LOL like nobody saw that coming.


----------



## JBLS14

gonefishing said:


> LOL like nobody saw that coming.


Lol why is this funny?, there lots of Emt's that really do care about there job, it's not there fault that these  companies don't know how to run there  Business.


----------



## gonefishing

JBLS14 said:


> Lol why is this funny?, there lots of Emt's that really do care about there job, it's not there fault that these  companies don't know how to run there  Business.


This has been coming for a while.  The owner was kicked out of a county meeting for falsely representing as having ALS services.  Now they need to go after Ambulife aka Medlife, All Town and anybody else with a funky name.


----------



## JBLS14

gonefishing said:


> This has been coming for a while.  The owner was kicked out of a county meeting for falsely representing as having ALS services.  Now they need to go after Ambulife aka Medlife, All Town and anybody else with a funky name.


I agree I would like to see all these shady *** EMS companies GONE! I know your from l.a what company you think is a legit company as far as IFT?


----------



## gonefishing

JBLS14 said:


> I agree I would like to see all these shady *** EMS companies GONE! I know your from l.a what company you think is a legit company as far as IFT?


Well most 911 providers run ift.  Thats bread and butter.
Amr, Bowers, Care, Cole Schaefer, Mc Cormick.  Not because they are 911 BUT these are the originals that stood the sands of time.
Amr= nough said, Bowers= oldest and first in Los Angeles, Care even thiugh now falk theyve been around since 69.  Cole Schaefer another grand father, Mc cormick again another grand father, and nothing to do with the Armenian/Russian mafia or dirty shinnanigans.


----------



## JBLS14

gonefishing said:


> Well most 911 providers run ift.  Thats bread and butter.
> Amr, Bowers, Care, Cole Schaefer, Mc Cormick.  Not because they are 911 BUT these are the originals that stood the sands of time.
> Amr= nough said, Bowers= oldest and first in Los Angeles, Care even thiugh now falk theyve been around since 69.  Cole Schaefer another grand father, Mc cormick again another grand father, and nothing to do with the Armenian/Russian mafia or dirty shinnanigans.

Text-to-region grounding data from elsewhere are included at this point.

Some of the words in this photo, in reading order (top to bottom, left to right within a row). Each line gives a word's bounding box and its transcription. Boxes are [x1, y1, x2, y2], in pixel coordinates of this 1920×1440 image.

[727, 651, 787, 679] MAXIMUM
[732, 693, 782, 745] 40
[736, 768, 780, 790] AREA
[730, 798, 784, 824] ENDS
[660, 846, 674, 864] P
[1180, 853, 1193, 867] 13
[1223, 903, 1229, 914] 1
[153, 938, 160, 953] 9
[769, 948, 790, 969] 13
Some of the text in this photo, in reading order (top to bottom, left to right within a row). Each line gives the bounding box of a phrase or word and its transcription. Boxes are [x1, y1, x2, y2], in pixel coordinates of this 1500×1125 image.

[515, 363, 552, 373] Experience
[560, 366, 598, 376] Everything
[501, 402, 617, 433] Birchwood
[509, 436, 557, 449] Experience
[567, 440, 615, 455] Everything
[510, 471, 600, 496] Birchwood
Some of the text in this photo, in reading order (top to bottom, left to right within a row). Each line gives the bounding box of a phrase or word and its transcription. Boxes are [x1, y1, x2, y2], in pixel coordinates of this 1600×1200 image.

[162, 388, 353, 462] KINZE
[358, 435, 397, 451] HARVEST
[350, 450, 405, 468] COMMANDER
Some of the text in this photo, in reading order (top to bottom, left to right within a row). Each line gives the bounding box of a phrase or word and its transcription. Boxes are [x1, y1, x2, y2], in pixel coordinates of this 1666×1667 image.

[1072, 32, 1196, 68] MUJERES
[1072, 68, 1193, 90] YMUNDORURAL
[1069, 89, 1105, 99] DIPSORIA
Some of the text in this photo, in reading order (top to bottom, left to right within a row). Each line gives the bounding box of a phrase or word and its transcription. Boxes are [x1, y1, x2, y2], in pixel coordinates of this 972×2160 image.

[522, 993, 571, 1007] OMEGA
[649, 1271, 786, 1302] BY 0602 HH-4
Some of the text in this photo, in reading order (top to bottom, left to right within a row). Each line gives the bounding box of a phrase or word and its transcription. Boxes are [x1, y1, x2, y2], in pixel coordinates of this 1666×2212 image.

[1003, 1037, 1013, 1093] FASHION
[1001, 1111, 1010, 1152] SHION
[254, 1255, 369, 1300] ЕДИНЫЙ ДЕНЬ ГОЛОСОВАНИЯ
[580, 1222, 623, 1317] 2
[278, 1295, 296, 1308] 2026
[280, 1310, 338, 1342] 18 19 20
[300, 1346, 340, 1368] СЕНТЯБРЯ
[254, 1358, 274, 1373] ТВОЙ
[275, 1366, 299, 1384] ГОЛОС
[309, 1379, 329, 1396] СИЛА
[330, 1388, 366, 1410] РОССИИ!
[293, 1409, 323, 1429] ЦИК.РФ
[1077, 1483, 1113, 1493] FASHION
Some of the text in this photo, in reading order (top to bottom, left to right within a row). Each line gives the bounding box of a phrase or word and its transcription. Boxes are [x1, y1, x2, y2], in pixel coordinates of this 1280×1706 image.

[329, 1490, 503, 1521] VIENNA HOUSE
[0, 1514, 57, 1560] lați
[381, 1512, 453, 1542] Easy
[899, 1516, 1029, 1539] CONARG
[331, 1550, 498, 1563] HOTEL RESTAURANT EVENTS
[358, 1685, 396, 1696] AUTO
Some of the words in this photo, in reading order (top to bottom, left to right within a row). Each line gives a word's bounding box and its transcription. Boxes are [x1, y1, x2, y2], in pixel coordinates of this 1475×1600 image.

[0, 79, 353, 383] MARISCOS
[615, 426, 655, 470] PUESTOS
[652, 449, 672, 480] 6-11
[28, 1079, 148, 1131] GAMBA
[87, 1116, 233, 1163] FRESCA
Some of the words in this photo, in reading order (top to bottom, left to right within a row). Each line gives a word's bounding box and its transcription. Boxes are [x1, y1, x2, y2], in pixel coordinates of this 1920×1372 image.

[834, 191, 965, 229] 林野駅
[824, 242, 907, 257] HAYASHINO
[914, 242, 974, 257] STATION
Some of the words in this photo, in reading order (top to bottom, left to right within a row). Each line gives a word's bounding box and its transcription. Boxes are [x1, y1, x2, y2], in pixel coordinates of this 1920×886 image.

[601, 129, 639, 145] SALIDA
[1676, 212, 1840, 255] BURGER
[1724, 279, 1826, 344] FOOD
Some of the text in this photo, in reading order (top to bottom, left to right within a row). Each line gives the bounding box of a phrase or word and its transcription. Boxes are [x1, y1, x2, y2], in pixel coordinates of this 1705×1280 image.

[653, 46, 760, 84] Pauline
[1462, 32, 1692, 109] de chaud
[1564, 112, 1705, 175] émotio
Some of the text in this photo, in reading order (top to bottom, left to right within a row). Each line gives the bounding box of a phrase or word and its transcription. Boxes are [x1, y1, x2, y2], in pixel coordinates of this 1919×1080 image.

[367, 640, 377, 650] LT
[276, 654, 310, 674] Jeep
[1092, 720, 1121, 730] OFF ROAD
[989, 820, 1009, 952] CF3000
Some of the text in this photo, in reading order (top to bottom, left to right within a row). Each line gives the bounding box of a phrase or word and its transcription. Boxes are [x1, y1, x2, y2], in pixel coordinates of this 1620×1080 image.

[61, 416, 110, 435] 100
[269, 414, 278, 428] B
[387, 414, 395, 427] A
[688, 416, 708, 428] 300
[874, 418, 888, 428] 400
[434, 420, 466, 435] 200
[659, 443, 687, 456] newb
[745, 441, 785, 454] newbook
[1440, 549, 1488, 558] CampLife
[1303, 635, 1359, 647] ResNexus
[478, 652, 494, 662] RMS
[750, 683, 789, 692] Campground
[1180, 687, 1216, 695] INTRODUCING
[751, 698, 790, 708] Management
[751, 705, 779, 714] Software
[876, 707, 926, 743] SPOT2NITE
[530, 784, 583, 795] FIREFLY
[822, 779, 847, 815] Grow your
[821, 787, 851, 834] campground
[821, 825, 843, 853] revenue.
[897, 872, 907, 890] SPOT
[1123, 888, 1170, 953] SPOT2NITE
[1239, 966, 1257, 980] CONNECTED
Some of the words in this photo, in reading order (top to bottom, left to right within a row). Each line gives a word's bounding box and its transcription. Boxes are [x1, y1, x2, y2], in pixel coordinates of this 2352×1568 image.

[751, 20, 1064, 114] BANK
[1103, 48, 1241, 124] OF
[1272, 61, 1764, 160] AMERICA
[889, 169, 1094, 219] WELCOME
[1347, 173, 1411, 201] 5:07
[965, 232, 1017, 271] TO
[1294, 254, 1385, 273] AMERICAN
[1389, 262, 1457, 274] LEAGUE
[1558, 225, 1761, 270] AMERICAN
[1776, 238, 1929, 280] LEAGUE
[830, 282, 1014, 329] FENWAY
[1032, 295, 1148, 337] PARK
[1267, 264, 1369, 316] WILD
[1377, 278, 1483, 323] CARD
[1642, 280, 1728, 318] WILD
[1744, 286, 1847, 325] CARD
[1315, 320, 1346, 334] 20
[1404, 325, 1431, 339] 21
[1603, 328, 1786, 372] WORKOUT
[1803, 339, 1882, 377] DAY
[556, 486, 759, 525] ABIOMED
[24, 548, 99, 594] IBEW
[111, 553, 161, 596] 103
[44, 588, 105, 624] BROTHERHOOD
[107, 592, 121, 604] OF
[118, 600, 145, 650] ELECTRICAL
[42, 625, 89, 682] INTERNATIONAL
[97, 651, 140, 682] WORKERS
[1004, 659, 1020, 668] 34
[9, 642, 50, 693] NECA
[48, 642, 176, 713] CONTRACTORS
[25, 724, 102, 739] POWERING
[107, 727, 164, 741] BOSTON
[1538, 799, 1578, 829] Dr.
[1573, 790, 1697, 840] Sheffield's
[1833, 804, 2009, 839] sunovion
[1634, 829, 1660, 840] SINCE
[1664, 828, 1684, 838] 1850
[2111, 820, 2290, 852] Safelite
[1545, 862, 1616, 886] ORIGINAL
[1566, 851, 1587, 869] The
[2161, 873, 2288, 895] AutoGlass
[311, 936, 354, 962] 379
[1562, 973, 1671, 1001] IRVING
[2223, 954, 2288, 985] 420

i just don't understand why these Russian/Armenian go the EMS route rip off pt for there Medicare/ medical , so sad makes me piss!


----------



## gonefishing

JBLS14 said:


> i just don't understand why these Russian/Armenian go the EMS route rip off pt for there Medicare/ medical , so sad makes me piss!


Because it's easy money.  They open up in OC to establish themselves and than waltz on in file with the LADOT which should have NOTHING to do with ambulances and keep going until they have to file with the county office for a sticker and pass.  What they do is use one family members credit run it into the ground make crazy profits have that family member file for bankruptcy and the cycle repeats.  Like one of the owners of medlife, when in trouble he runs back to Armenia comes back gets a weird job title and plays puppet master just like lifeline or Paul Scarborough of now PRN.


----------



## ViolynEMT

gonefishing said:


> Well most 911 providers run ift.  Thats bread and butter.
> Amr, Bowers, Care, Cole Schaefer, Mc Cormick.  Not because they are 911 BUT these are the originals that stood the sands of time.
> Amr= nough said, Bowers= oldest and first in Los Angeles, Care even thiugh now falk theyve been around since 69.  Cole Schaefer another grand father, Mc cormick again another grand father, and nothing to do with the Armenian/Russian mafia or dirty shinnanigans.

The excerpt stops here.